GURGAON: Defence Minister Manohar Parrikar on Sunday outlined a multi-pronged approach of a non-offensive but strong India while making it clear that there will be "zero tolerance to error" in defence-related issues.
"One thing I will promise. I have being given a task. I will see that my task of strengthening India, the position where people should not dare see eye to eye with India... we don't intend to be offensive," Mr Parrikar said addressing Navy personnel at the inauguration of the Information Management and Analysis centre (IMAC) of Navy in Gurgaon.
He said India has not ruled any other country which he said was "probably unique to India and probably to some extent to China".
"Even in Ramayana, when Lord Rama went to Lanka he did not rule it. He gave it to Vibhishan to rule it. This nation does not have the history of ruling other countries," he said, adding, the country cannot be weak.
Mr Parrikar said the biggest defence is to be strong.
"I promise the task given to me, I will fulfill...You can expect lot of things," he said.
Asked what was the specific task given to him by Prime Minister Narendra Modi, Mr Parrikar said, "defence is one field which requires a lot of secrecy," but added that the outcome of the task is to assure that the defence sector gets its due and becomes a cohesive strong force making India self- sufficient.
"Energy security and your own security cannot be dependent on others. You can't depend on some foreign countries for all your procurements," he said.
Mr Parrikar noted that defence equipment is purchased for a period of 20-30 years.
"You can't suddenly find yourself trapped in a condition that the party which has supplied you the material faces some blockade or some sanctions for supply to conflict zone," he said.
Mr Parrikar praised the IMAC and said he appreciates the "quick and fast delivery" of system because he thinks it should ensure "99.99 per cent" against incidents like the 2008 Mumbai terror attacks by earlier detection.
He underlined that there should be "zero tolerance to error".
Mr Parrikar said those nations which had good navies ruled the world.
"Today probably that is the reason why our neighbours are trying to get their navy everywhere in the Indian ocean and other areas," he said.

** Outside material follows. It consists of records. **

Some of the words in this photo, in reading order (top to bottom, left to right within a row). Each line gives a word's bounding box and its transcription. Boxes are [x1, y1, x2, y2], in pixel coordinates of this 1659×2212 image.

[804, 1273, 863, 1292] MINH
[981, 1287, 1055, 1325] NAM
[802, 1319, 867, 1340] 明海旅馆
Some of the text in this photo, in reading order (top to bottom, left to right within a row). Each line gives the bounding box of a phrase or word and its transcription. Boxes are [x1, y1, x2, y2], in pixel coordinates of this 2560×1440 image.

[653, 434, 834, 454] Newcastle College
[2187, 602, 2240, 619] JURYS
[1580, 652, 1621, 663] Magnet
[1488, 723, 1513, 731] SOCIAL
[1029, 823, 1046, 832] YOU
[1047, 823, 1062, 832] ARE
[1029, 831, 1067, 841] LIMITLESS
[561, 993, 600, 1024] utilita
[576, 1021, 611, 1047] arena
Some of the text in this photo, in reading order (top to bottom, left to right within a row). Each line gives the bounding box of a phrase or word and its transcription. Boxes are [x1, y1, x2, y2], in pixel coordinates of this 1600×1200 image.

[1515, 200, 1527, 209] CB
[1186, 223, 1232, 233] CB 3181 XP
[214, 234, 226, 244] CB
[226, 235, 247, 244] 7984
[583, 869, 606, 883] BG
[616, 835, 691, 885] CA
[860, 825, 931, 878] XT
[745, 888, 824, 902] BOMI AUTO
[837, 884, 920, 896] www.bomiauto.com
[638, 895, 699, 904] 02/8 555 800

In the recent past, Chinese submarines have docked in Sri Lanka, raising eyebrows in India.
He said IMAC will ensure that Navy has a huge data available to them.
"What is important is a mindset. How do you catch up with the needle in the hay," he asked as he mentioned that the boat that carried the terrorist to Mumbai in 2008 was an Indian one which had been hijacked.
"Alert mind, alertness to isolate the problem is very important... We should try and strive towards zero error. Zero error is very important," he said.
Mr Parrikar said he often asks people if they've dropped a glass from their hands and they reply saying it happens one in a year or two. He said he then asks whether a child has ever fallen from their hands. "The answer is always no. That is because there we have zero tolerance to error... And I would consider in this project, a zero tolerance to error is the most important factor," he said.
Asked what he meant by zero error, he said whatever gaps are left should be filled.
"You can't get everything perfect on day one itself. It will take may be six months and one year...," he said and mentioned to the Navy the gaps in their radar system especially between Mangalore and Goa and Goa and Ratnagiri.